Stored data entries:

----------

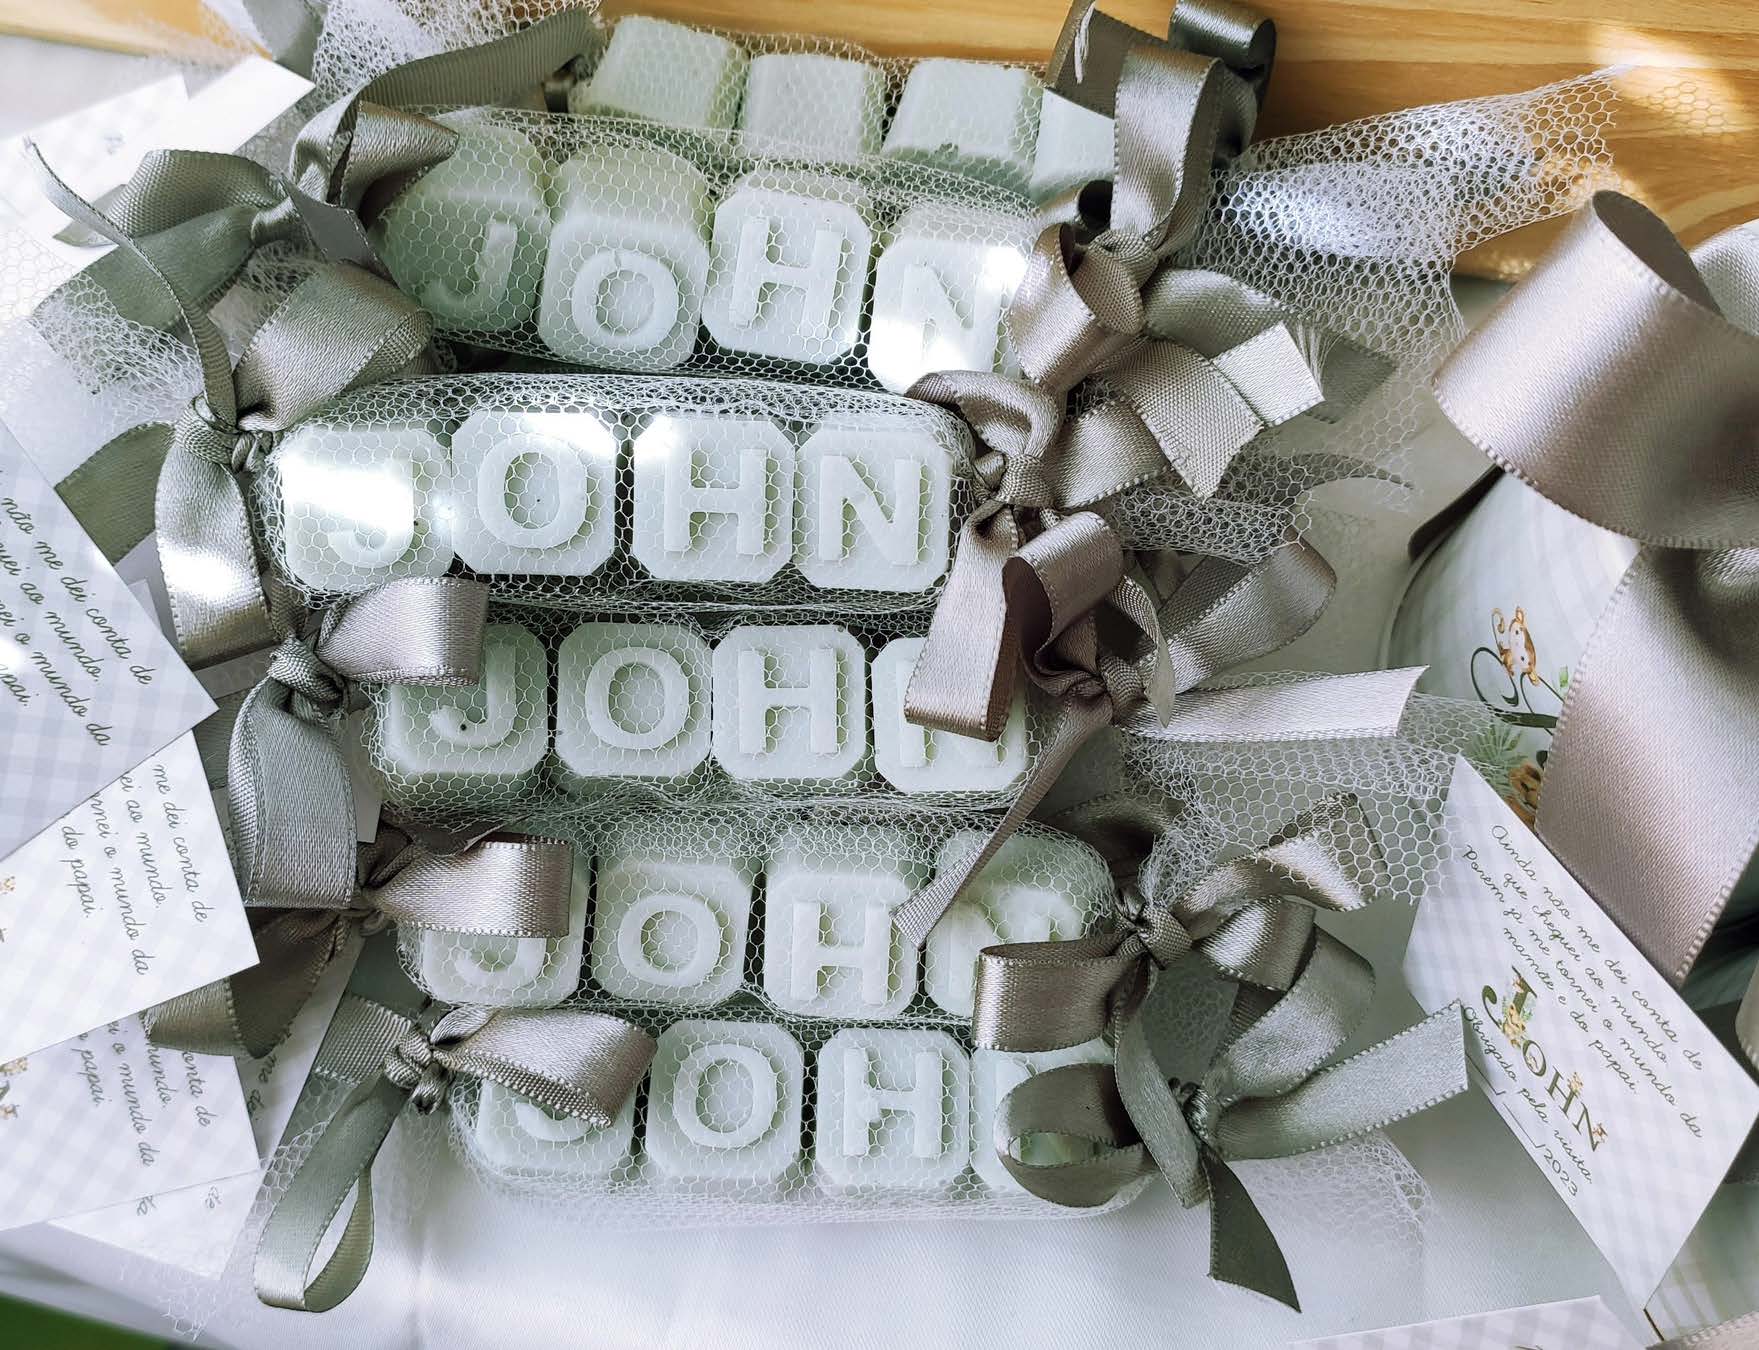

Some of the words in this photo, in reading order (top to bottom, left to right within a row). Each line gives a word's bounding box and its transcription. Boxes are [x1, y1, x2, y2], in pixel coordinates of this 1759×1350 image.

[328, 433, 922, 568] JOHN
[1, 498, 34, 534] não
[34, 541, 64, 570] me
[61, 577, 96, 602] dei
[86, 608, 132, 659] conta
[130, 665, 156, 685] de
[20, 582, 45, 605] ao
[30, 651, 91, 717] mundo
[86, 723, 113, 746] da
[126, 800, 143, 823] ao
[152, 764, 171, 795] me
[163, 802, 188, 829] dei
[62, 825, 84, 850] do
[173, 837, 199, 893] conta
[111, 867, 146, 941] mundo
[132, 949, 156, 975] da
[192, 900, 214, 923] de
[1491, 825, 1536, 881] Ainda
[1577, 926, 1600, 952] me
[1605, 959, 1631, 985] dei
[1632, 990, 1679, 1043] conta
[1683, 1049, 1702, 1071] de
[1503, 873, 1528, 900] que
[1532, 905, 1583, 961] cheguei
[1585, 967, 1605, 989] ao
[1464, 1006, 1518, 1083] Obrigado
[1519, 1087, 1549, 1124] pela
[1481, 965, 1608, 1152] JOHN
[1528, 929, 1551, 955] me
[1556, 960, 1599, 1013] tornei
[1620, 1037, 1677, 1106] mundo
[1680, 1112, 1703, 1138] da
[1570, 1010, 1588, 1032] do
[118, 1063, 153, 1135] mundo
[138, 1142, 161, 1168] da
[182, 1050, 207, 1098] onta
[195, 1105, 219, 1128] de
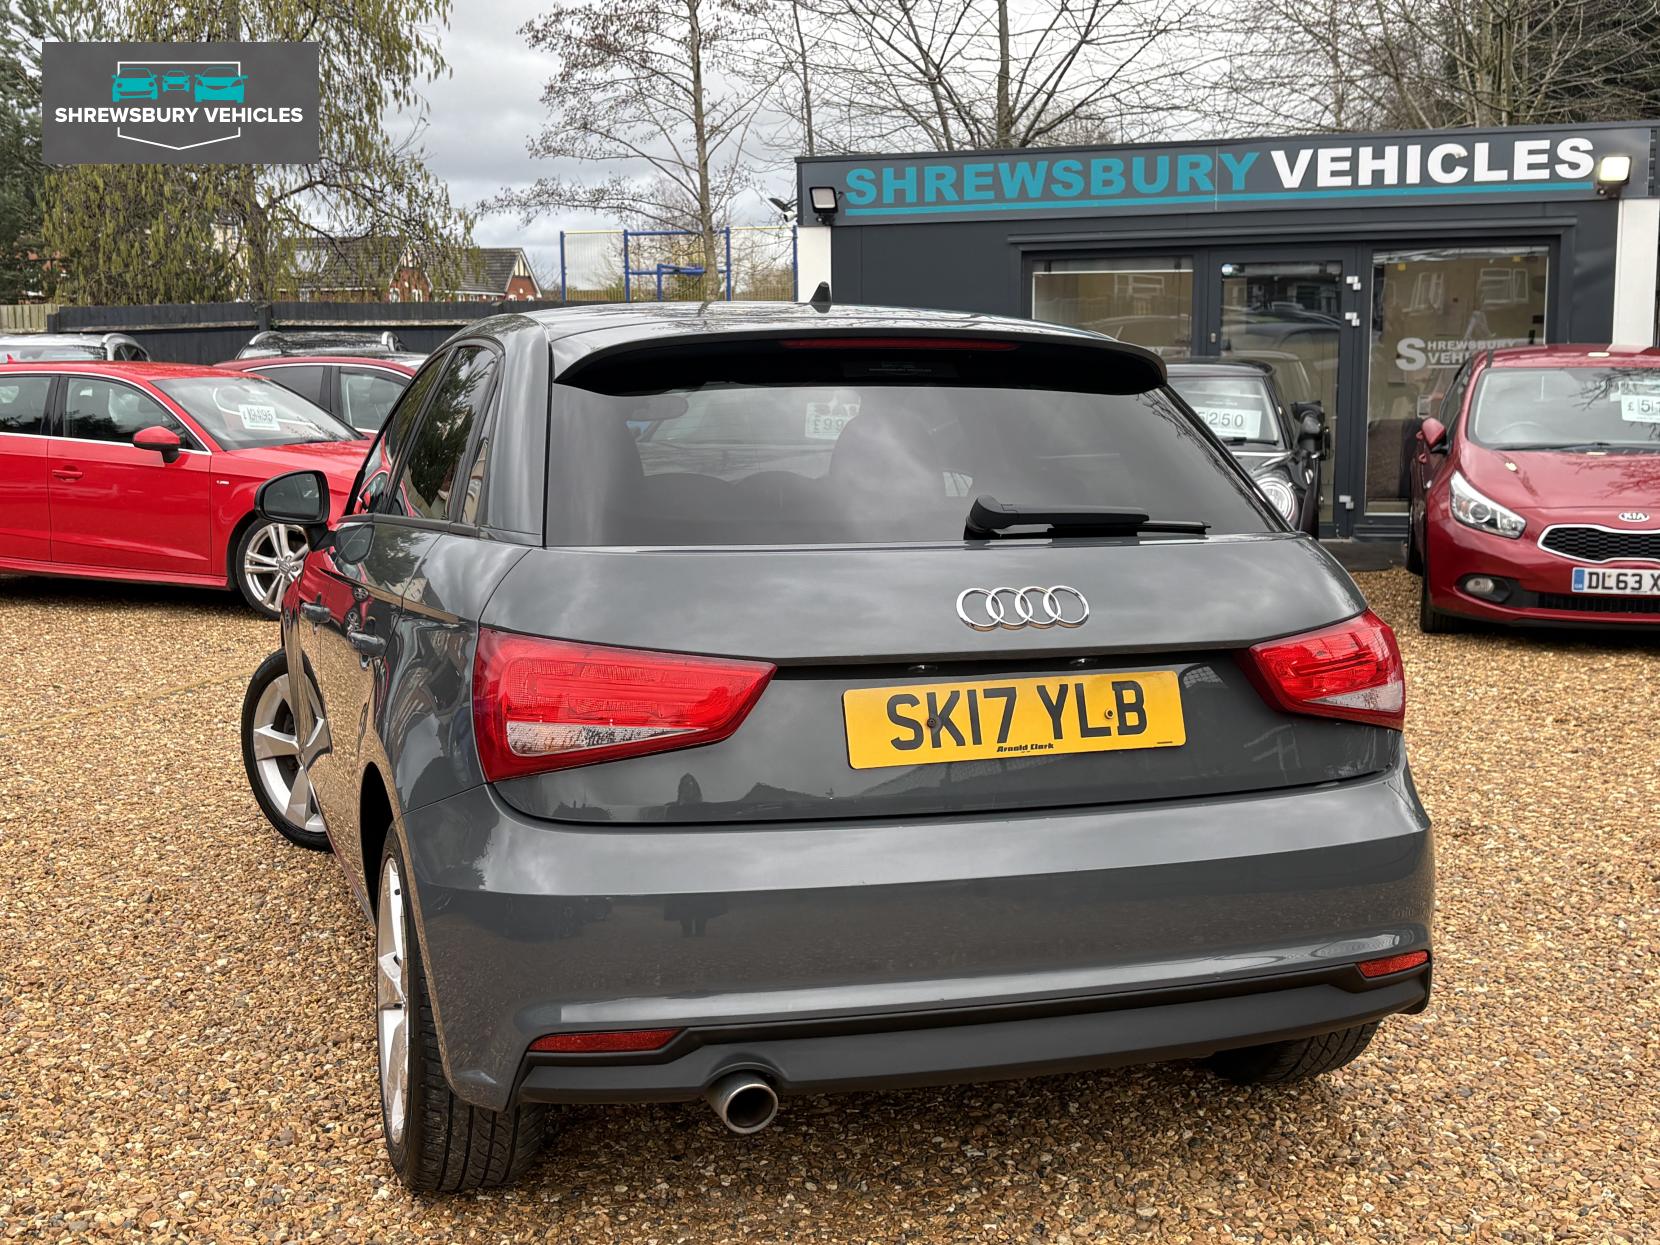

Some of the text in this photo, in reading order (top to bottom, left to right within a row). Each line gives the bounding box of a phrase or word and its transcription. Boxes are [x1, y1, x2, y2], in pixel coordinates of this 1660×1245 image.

[845, 137, 1595, 206] SHREWSBURY VEHICLES
[1587, 571, 1643, 591] DL63
[886, 680, 1148, 751] SK17 YLB
[996, 744, 1028, 753] Arnold
[1030, 742, 1054, 751] Clark

----------

TASK TO COMPLETE: Print out every entry above without changing a word, and leave out the pictures.

RESULT OF THIS EXERCISE:
Some of the words in this photo, in reading order (top to bottom, left to right within a row). Each line gives a word's bounding box and its transcription. Boxes are [x1, y1, x2, y2], in pixel coordinates of this 1759×1350 image.

[328, 433, 922, 568] JOHN
[1, 498, 34, 534] não
[34, 541, 64, 570] me
[61, 577, 96, 602] dei
[86, 608, 132, 659] conta
[130, 665, 156, 685] de
[20, 582, 45, 605] ao
[30, 651, 91, 717] mundo
[86, 723, 113, 746] da
[126, 800, 143, 823] ao
[152, 764, 171, 795] me
[163, 802, 188, 829] dei
[62, 825, 84, 850] do
[173, 837, 199, 893] conta
[111, 867, 146, 941] mundo
[132, 949, 156, 975] da
[192, 900, 214, 923] de
[1491, 825, 1536, 881] Ainda
[1577, 926, 1600, 952] me
[1605, 959, 1631, 985] dei
[1632, 990, 1679, 1043] conta
[1683, 1049, 1702, 1071] de
[1503, 873, 1528, 900] que
[1532, 905, 1583, 961] cheguei
[1585, 967, 1605, 989] ao
[1464, 1006, 1518, 1083] Obrigado
[1519, 1087, 1549, 1124] pela
[1481, 965, 1608, 1152] JOHN
[1528, 929, 1551, 955] me
[1556, 960, 1599, 1013] tornei
[1620, 1037, 1677, 1106] mundo
[1680, 1112, 1703, 1138] da
[1570, 1010, 1588, 1032] do
[118, 1063, 153, 1135] mundo
[138, 1142, 161, 1168] da
[182, 1050, 207, 1098] onta
[195, 1105, 219, 1128] de

Some of the text in this photo, in reading order (top to bottom, left to right within a row). Each line gives the bounding box of a phrase or word and its transcription. Boxes are [x1, y1, x2, y2], in pixel coordinates of this 1660×1245 image.

[845, 137, 1595, 206] SHREWSBURY VEHICLES
[1587, 571, 1643, 591] DL63
[886, 680, 1148, 751] SK17 YLB
[996, 744, 1028, 753] Arnold
[1030, 742, 1054, 751] Clark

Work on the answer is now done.